Portis' prose is clean and uncluttered, with a style both economical and evocative. While you might criticize "Gringos" (or any of Portis' books save "True Grit") for their episodic nature, a large part of the pleasure of reading Portis derives from his eye for significant detail and his ear for dialogue. (Both "True Grit" movies used Portis' dialogue nearly verbatim.)

While his books are relatively short and the stories they tell (again, excepting "True Grit") less than epic, he has a knack for finding points of emotional inflection (as with the white cat, which always makes me tear up) and establishing his protagonists — often more observers than actors — as empathetic and credibly motivated. We understand why they do the things they do, even when the world they're operating in is absurd.

One way to understand Portis' approach to storytelling is to compare it to Hollywood B-movies, produced quickly and efficiently to fill out double bills at the cinema. Like these films, Portis' novels are focused on telling a good story, with little concern for grand themes or elaborate metaphors. Instead, they are content to provide an entertaining and engrossing narrative that keeps the reader turning the page.

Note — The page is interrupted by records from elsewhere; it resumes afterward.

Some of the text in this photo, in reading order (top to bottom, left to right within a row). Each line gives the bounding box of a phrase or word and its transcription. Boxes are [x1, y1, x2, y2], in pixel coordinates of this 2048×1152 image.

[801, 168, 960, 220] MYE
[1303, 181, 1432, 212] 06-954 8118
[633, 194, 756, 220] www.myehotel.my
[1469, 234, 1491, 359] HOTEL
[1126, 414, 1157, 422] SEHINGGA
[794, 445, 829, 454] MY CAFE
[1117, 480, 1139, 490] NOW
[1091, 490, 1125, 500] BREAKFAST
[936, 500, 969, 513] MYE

Which isn't to say Portis' work is lightweight, devoid of meaning or significance. But his approach to storytelling is grounded in a belief that the best stories are those that are well told, that engage the reader's imagination and emotions, and that linger and haunt.

It's self-serving to write that Portis writes like a journalist; he doesn't. But there are and have been journalists who write like Portis; they are content to tell small, focused stories designed to deliver information in engaging and even entertaining ways. Portis is accessible but not superficial. Every word has its reason for existing on the page.

It's like when Hemingway (who you definitely are not) said that a reader could sense a writer's knowledge and grasp of a subject even when they chose not to put that knowledge on display. It's simply there, like the bulk of the iceberg resting below the surface. You could sniff out a faker — the genuinely pretentious.

  photo  Charles Portis (Digital painting by Philip Martin)  JOURNALISM ROOTS

Portis started out a newspaper man. It was inside work.

"I got out of the Marines in May of 1955 and went back to Hamburg," Portis told Roy Reed. "A friend of mine there, Billy Rodgers, had just gotten out of the Air Force, and he had a car. So we drove up to Fayetteville and enrolled for the summer semester at the university ... You had to choose a major, so I put down journalism. I must have thought it would be fun and not very hard, something like barber college — not to offend the barbers. They probably provide a more useful service."

Portis was a good — maybe a great — newspaperman, but maybe, like Jimmy Burns, he sensed it was time to push on.

"I do not fool around with newspapers," Mattie Ross says in "True Grit." "The paper editors are great ones for reaping where they have not sown."

I never met Charles Portis. But I have read his mind.